Played out four days after Halloween, Spartans’ horror show started with a defensive error just two minutes in that allowed Wayne Brooksby to open the scoring. Oli Johnson then profited from more frightening defending on the stroke of half time to double Bradford’s lead.
A catalogue of defensive mistakes for Blyth continued after the break, with Jamie Spencer and Adam Boyes profiting to put the hosts 4-0 up.
Robert Dale then converted a free kick in the 70th minute, but it proved to be nothing but scant consolation in what was a thoroughly miserable afternoon for Spartans in this Vanarama National League North meeting.
The game kicked off at 1pm - due to issues with the floodlights at Horsfall Stadium - and it seemed the early start caught Spartans half asleep - as a short free kick back to Peter Jameson from Ryan Hutchinson on three minutes spelled disaster for the visitors.
The Spartans stopper returned the ball to Hutchinson inside the box, but he was caught in possession and mis-kicked his clearance under pressure and the ball fell straight to Boyes.

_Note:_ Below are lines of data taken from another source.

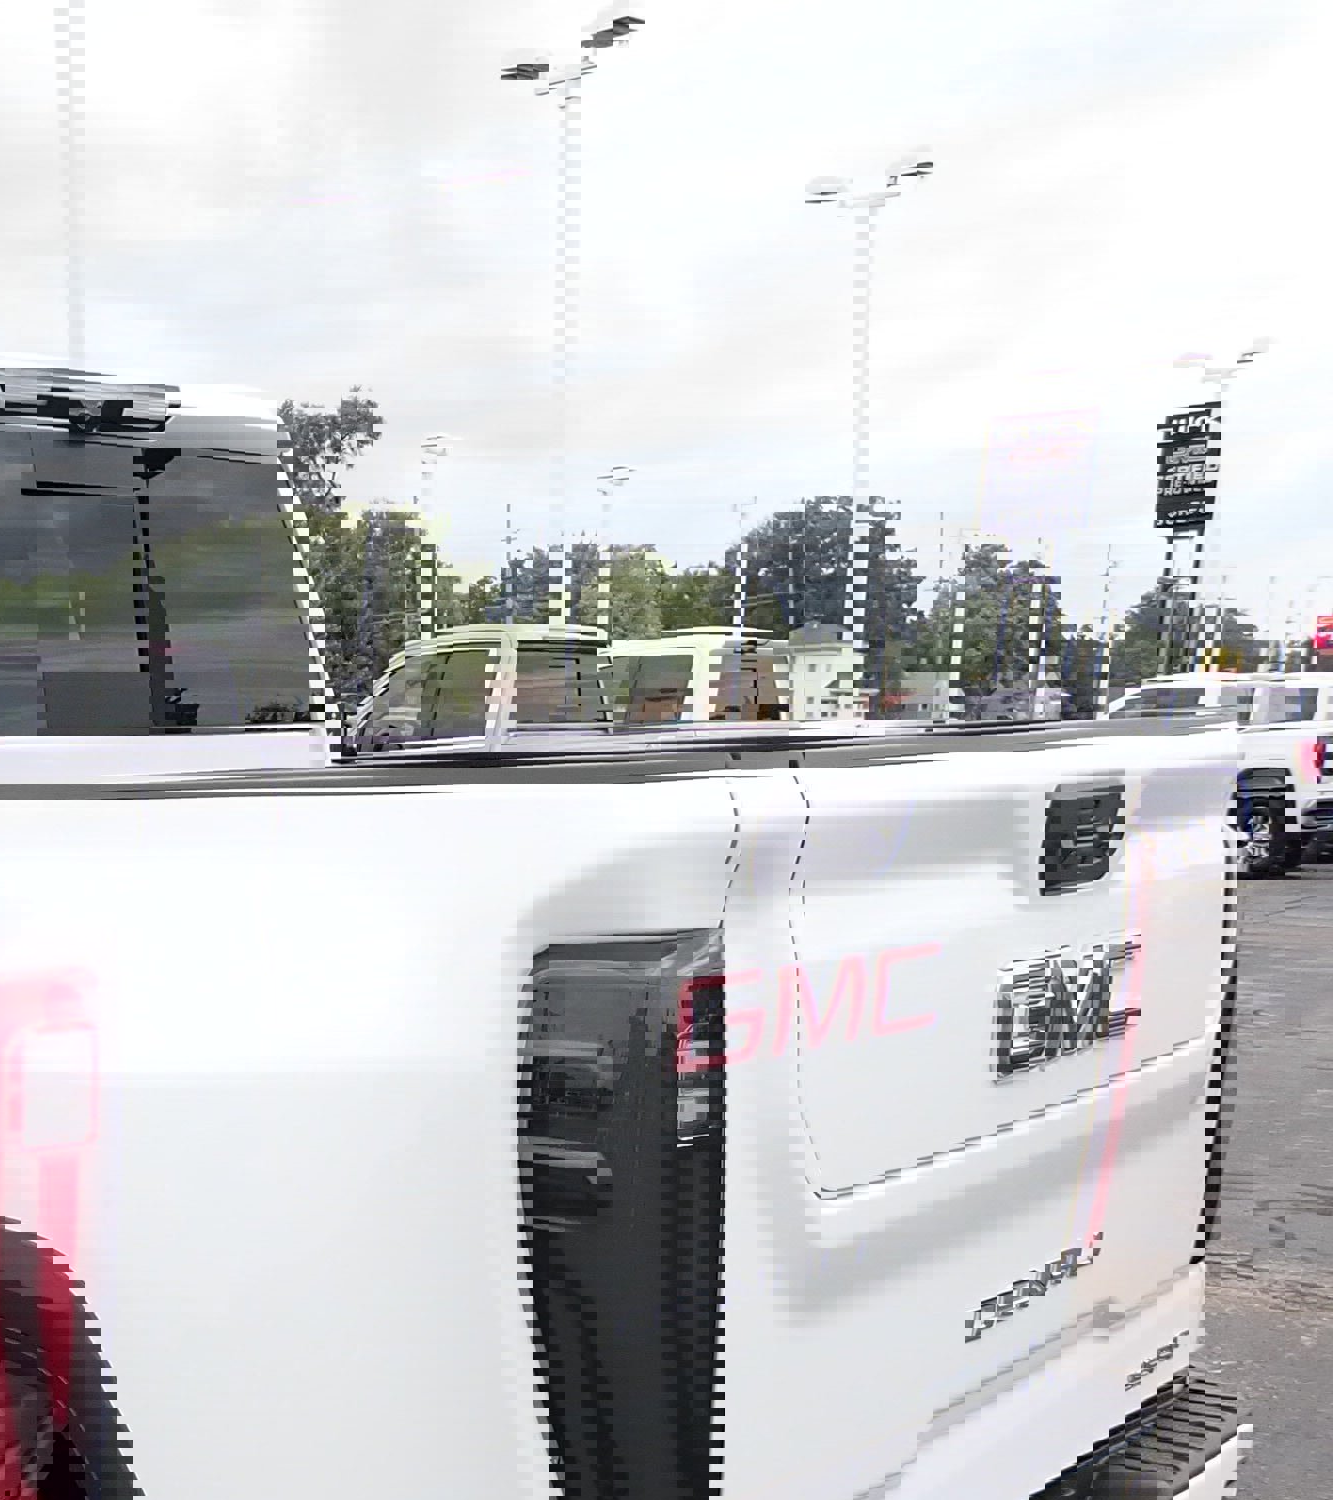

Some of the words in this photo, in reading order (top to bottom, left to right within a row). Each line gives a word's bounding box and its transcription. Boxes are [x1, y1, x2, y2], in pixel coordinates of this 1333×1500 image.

[994, 420, 1096, 443] BUICK
[1005, 443, 1083, 466] GMC
[990, 468, 1091, 486] CERTIFIED
[993, 481, 1086, 497] PRE-OWNED
[991, 508, 1082, 526] SCHEPEL
[654, 934, 942, 1086] GMC
[603, 1234, 864, 1346] DENALI
[918, 1335, 1033, 1395] SIERRA

The Avenue striker played the ball across the box and Brooksby drilled the ball past Jameson to put the hosts ahead.
Brooksby then found the back of the net again a minute later, but a potential crisis was averted by Blyth - as they had the assistant to thank for raising his flag for offside against the winger.

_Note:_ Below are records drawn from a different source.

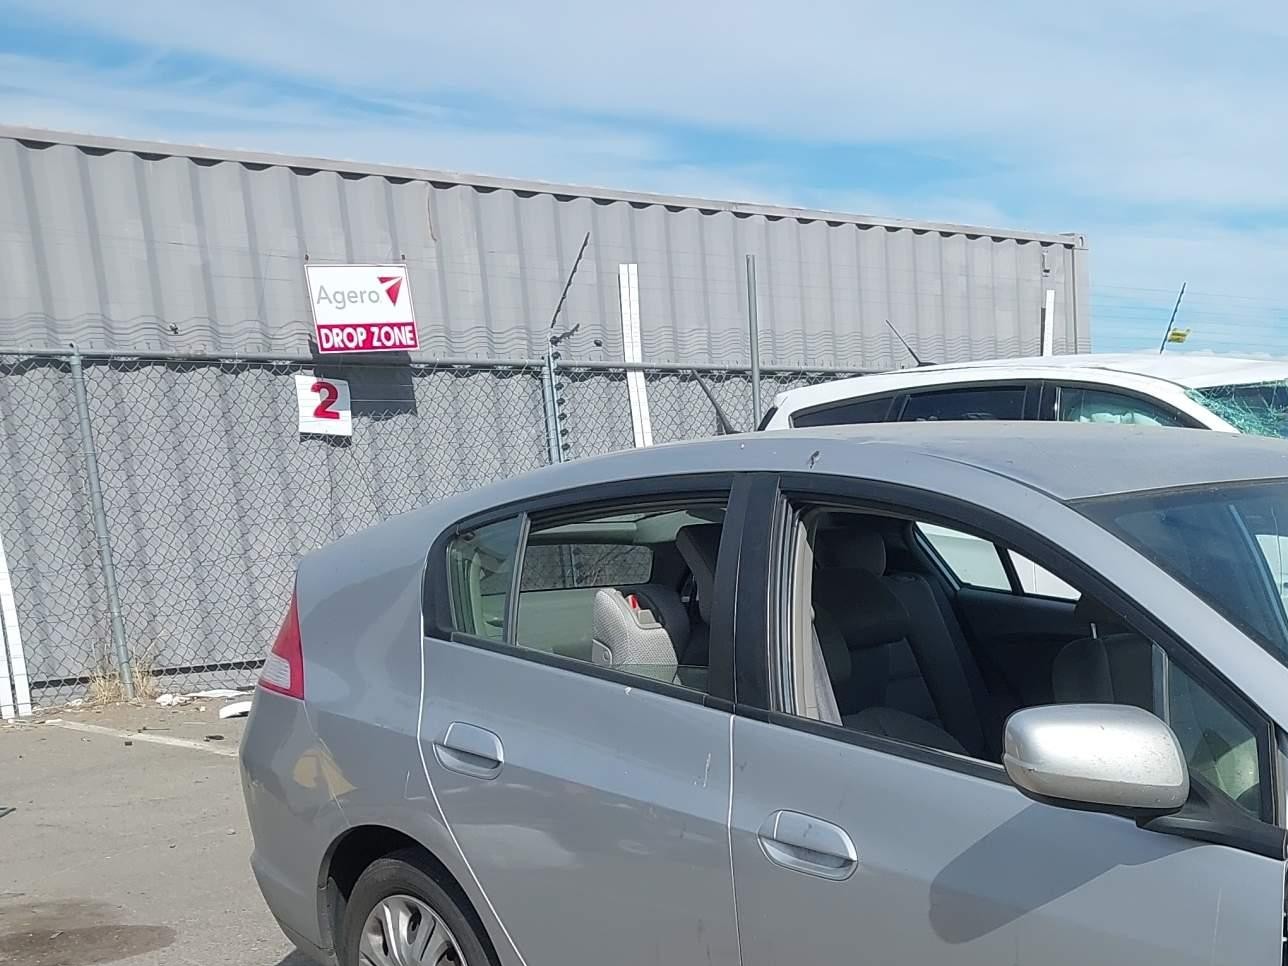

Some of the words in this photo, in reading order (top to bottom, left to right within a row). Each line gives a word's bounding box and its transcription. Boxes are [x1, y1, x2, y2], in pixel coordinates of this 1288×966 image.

[316, 285, 380, 310] Agero
[320, 327, 367, 349] DROP
[370, 326, 415, 347] ZONE
[310, 381, 340, 420] 2
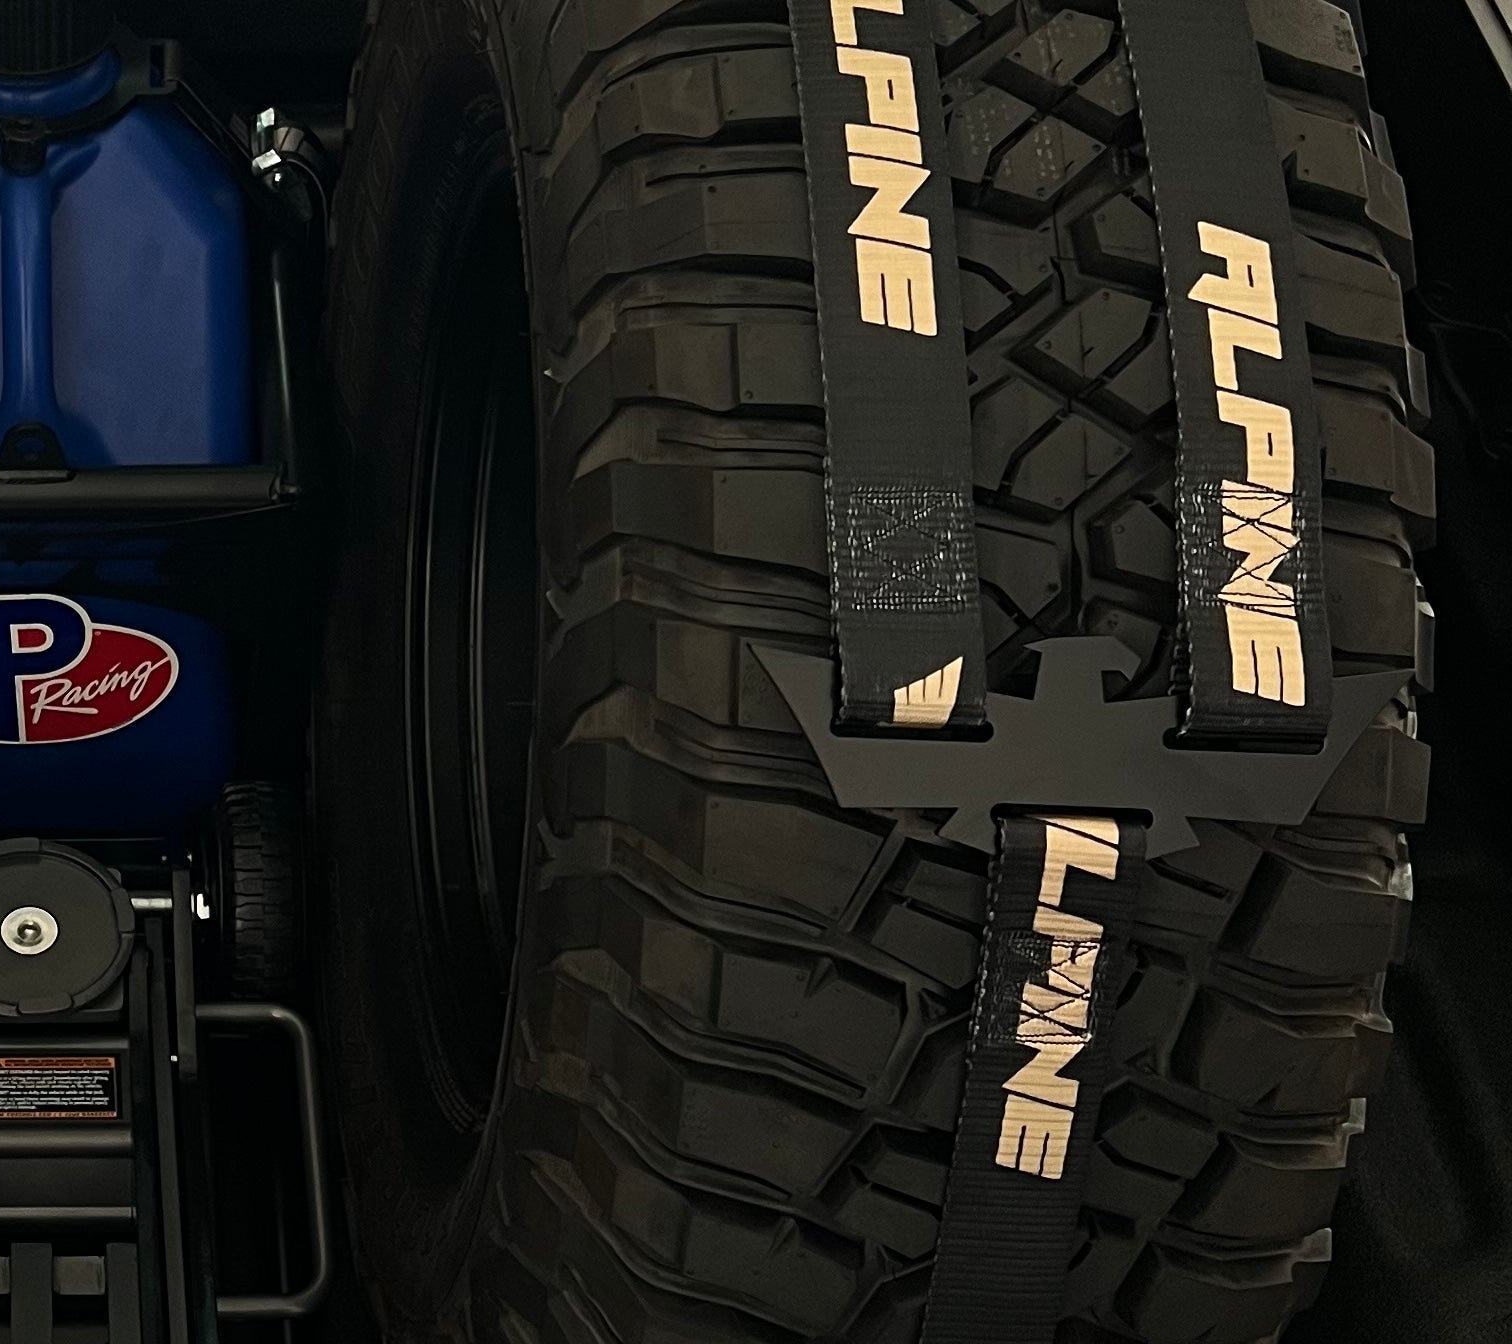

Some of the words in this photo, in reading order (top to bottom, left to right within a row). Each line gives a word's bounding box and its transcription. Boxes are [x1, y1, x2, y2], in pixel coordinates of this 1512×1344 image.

[1187, 220, 1306, 707] ALPINE
[30, 657, 160, 724] Racing
[995, 816, 1120, 1180] LPINE

After half chances at both ends,Blyth gifted the home side another goal in first half added time with another example of dreadful defending, Clee tapping into an empty net.
In the second half it got worse for Blyth, with Spencer scoring his first goal for Bradford, and when Boyes added a fourth it was effectively game over.
Dale netted with a twice-taken free kick to pull one back for Spartans, but it was no more than scant consolation. They threw everything at Bradford over the closing stages but were unable to reduce the deficit further.